DP: That’s another heartbreaker for me. I remember flying out to California. They had us compete in New York for spots on the Universe Team. I won the lightweight spot, Robby took the Middleweight, and Ken Waller the heavyweight. So we were, by far, the best American bodybuilders in the country and we were going to represent our country at the Mr. Universe contest. Those of us who were not living on the West Coast were flown out to California. We all trained at the original Gold’s Gym. I got to Gold’s and I saw Arnold and Ed Corney, Franco and Frank Zane, Ken Waller and Robby Robinson. All the great guys were there because they were filming Pumping Iron. George Butler filmed all of us eating, training and hanging out. It was going to be the first movie ever made that documented the sport. They filmed me training for three months, the IFBB paid all of our expenses and then they flew us to South Africa. They continued to film us there in Pretoria. They put us up in a hotel and covered our expenses. We were excited because we believed that it was going to be the first time in history that the United States was going to take all three divisions (light, middleweight, and heavy) at the Universe. I was still doing all these photos by the pool, being filmed by Butler and his crew and watching Arnold psych out Lou. That stuff you’ve seen in the film, I was watching it happen in front of my eyes. Arnold’s telling Ferrigno, “Louie, you look pretty good but maybe next year you’ll be ready for the show.”

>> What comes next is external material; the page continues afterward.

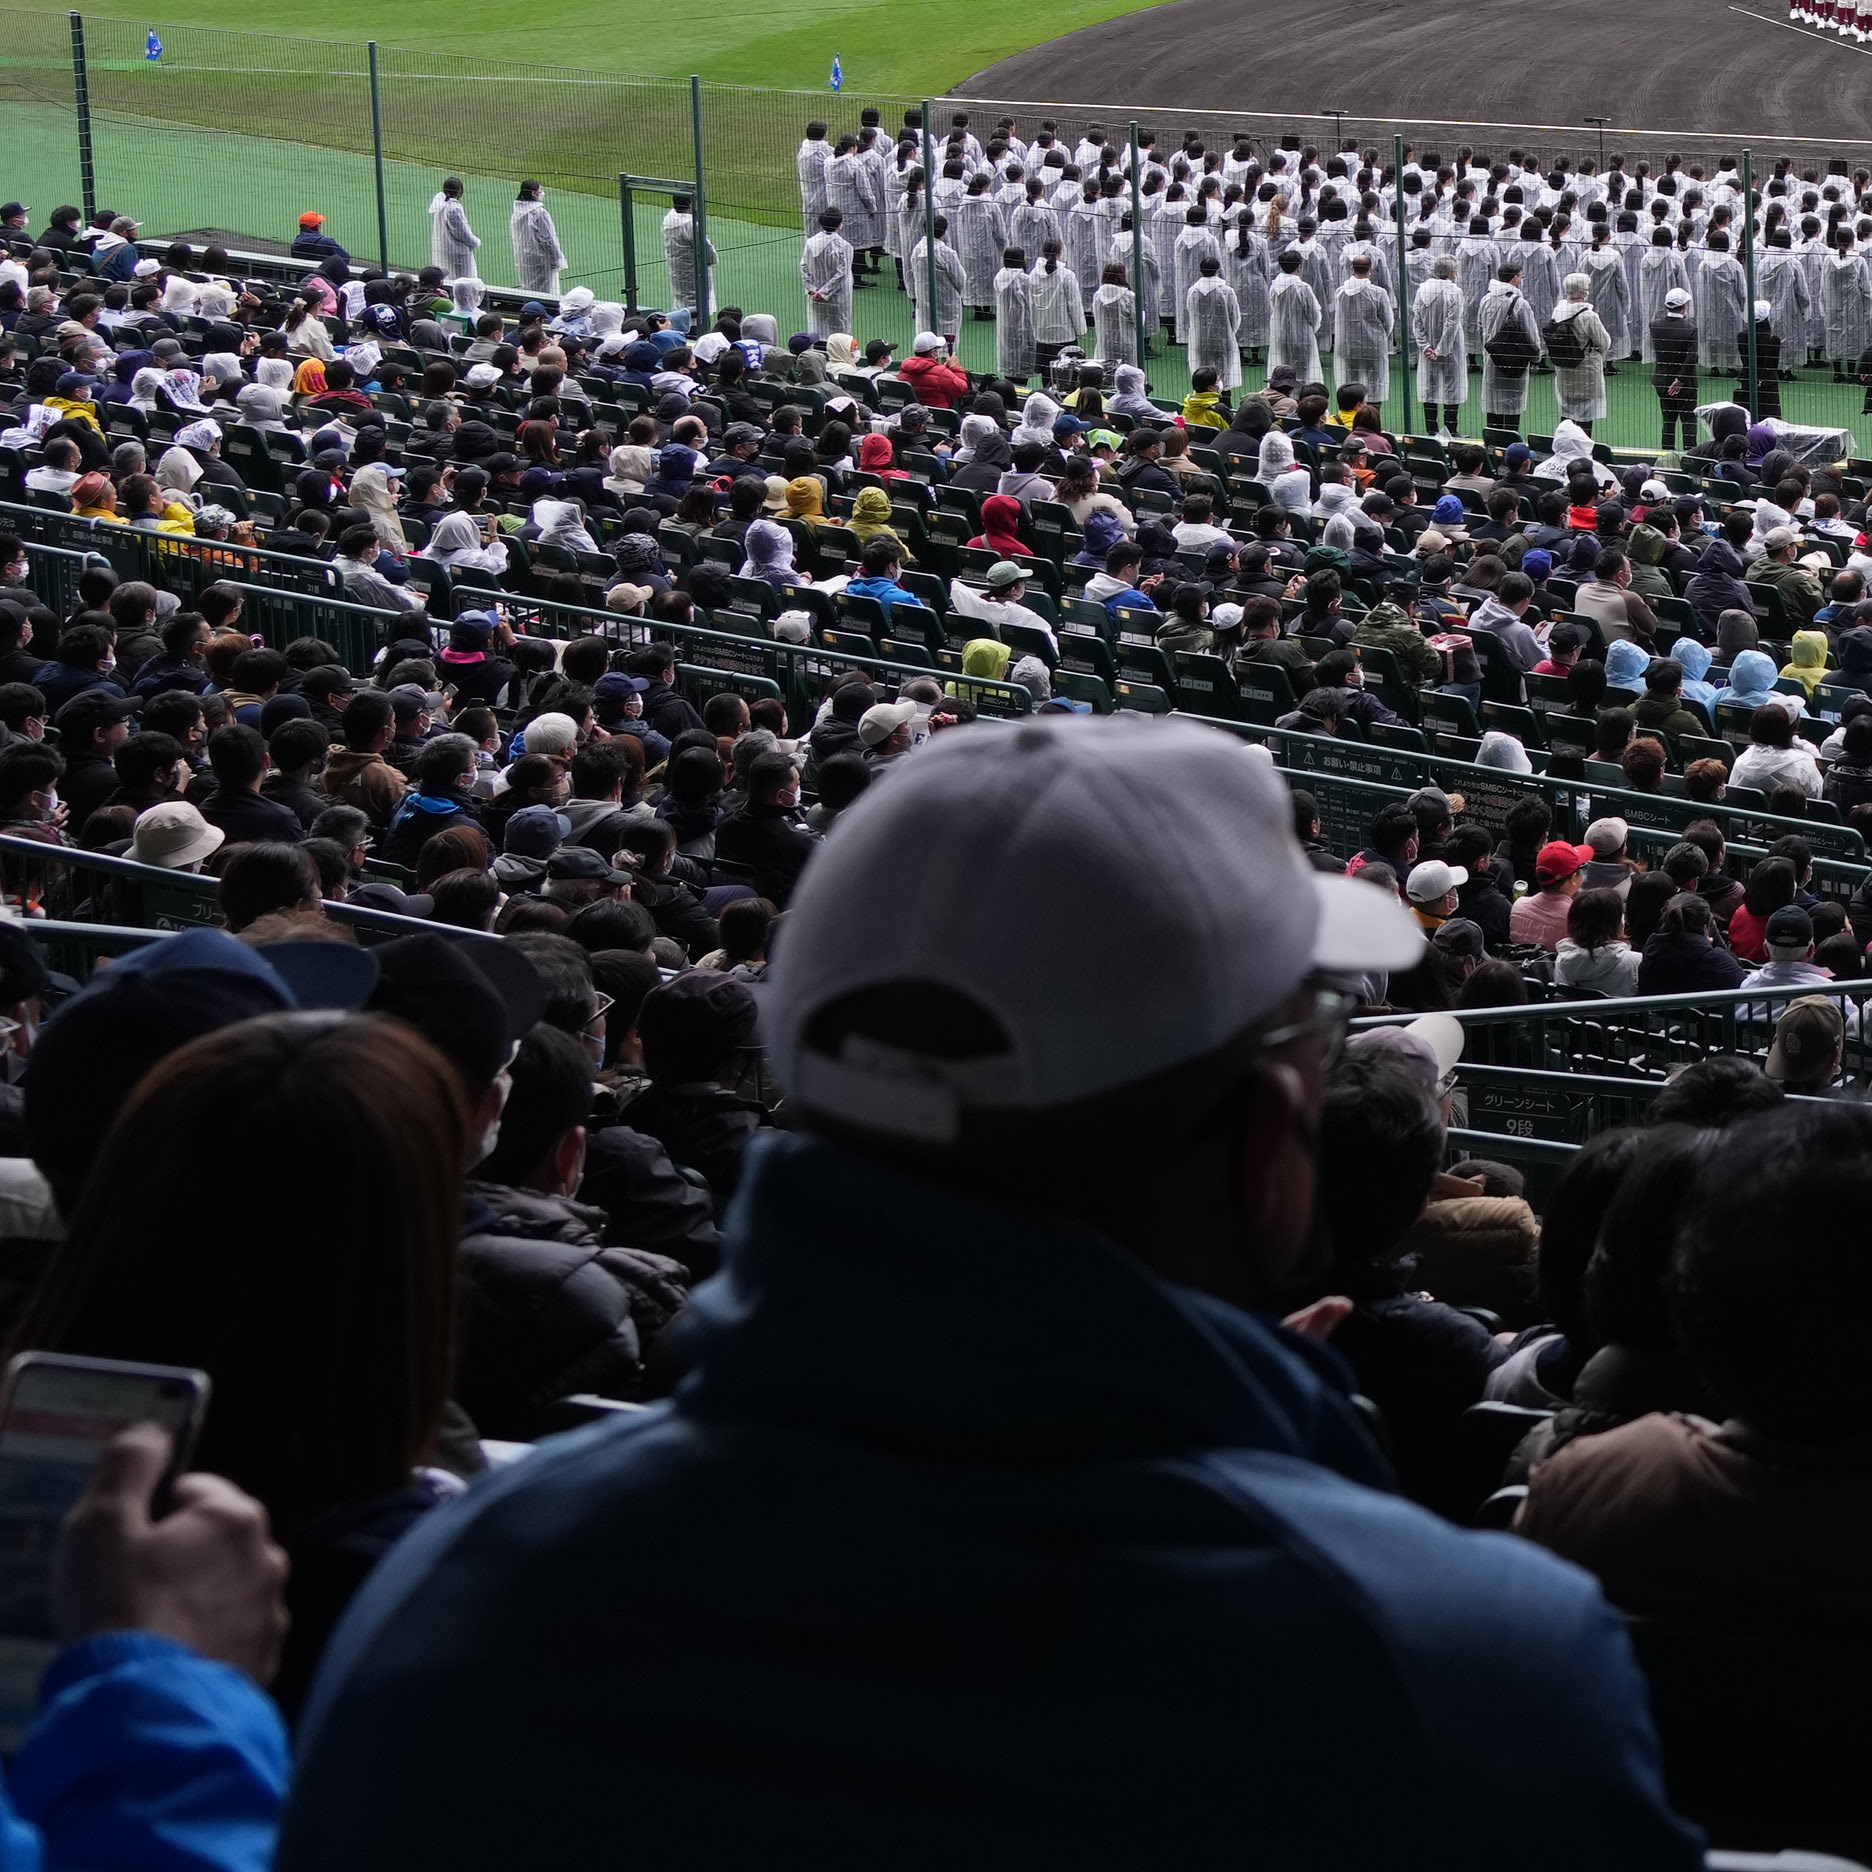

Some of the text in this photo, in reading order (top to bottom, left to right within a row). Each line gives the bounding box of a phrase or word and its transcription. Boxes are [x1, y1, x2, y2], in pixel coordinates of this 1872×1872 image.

JM: And this is actually working on Lou?
DP: It’s tearing the poor guy apart. Arnold tells Lou and his family that he had called his mother the night before and told her that he had already won the show. Louie’s mom asks Arnold, “How can you do that, the show’s not until tomorrow?” Arnold says, “If Louie’s the man to beat, I have no problems. Louie looks good but his timing is off. Maybe he’ll get it down next year.” Arnold was just demoralizing this poor kid. He was really breaking him down. I also watched Ken Waller demolish poor Mike Katz. Little did I know, the morning of the show, I was going to be the one to be REALLY demoralized. I finished eating breakfast. We had fifteen minutes to wait before we got on the bus to take us over to the show. It was then that I was told that I was “bumped”. They had decided to have two heavyweights, one middleweight, and no lightweight. I couldn’t understand why I couldn’t compete. Apparently what had happened was that Waller and Katz were going to pose in front of the American coach, Ed Jubinville. Then he was going to decide which one of them would represent the United States in the heavyweight division. Mike Katz was Jubinville’s protégé. Ed absolutely loved the guy. I guess the South African government also liked Mike Katz. It was decided that since I was a young guy, at the beginning of my career, I could always come back next year, so I was bumped. It absolutely broke my heart. I had already told my friends and family that I would easily win the lightweight division. I went all the way to South Africa and was told, with fifteen minutes of warning, that I couldn’t compete for the United States.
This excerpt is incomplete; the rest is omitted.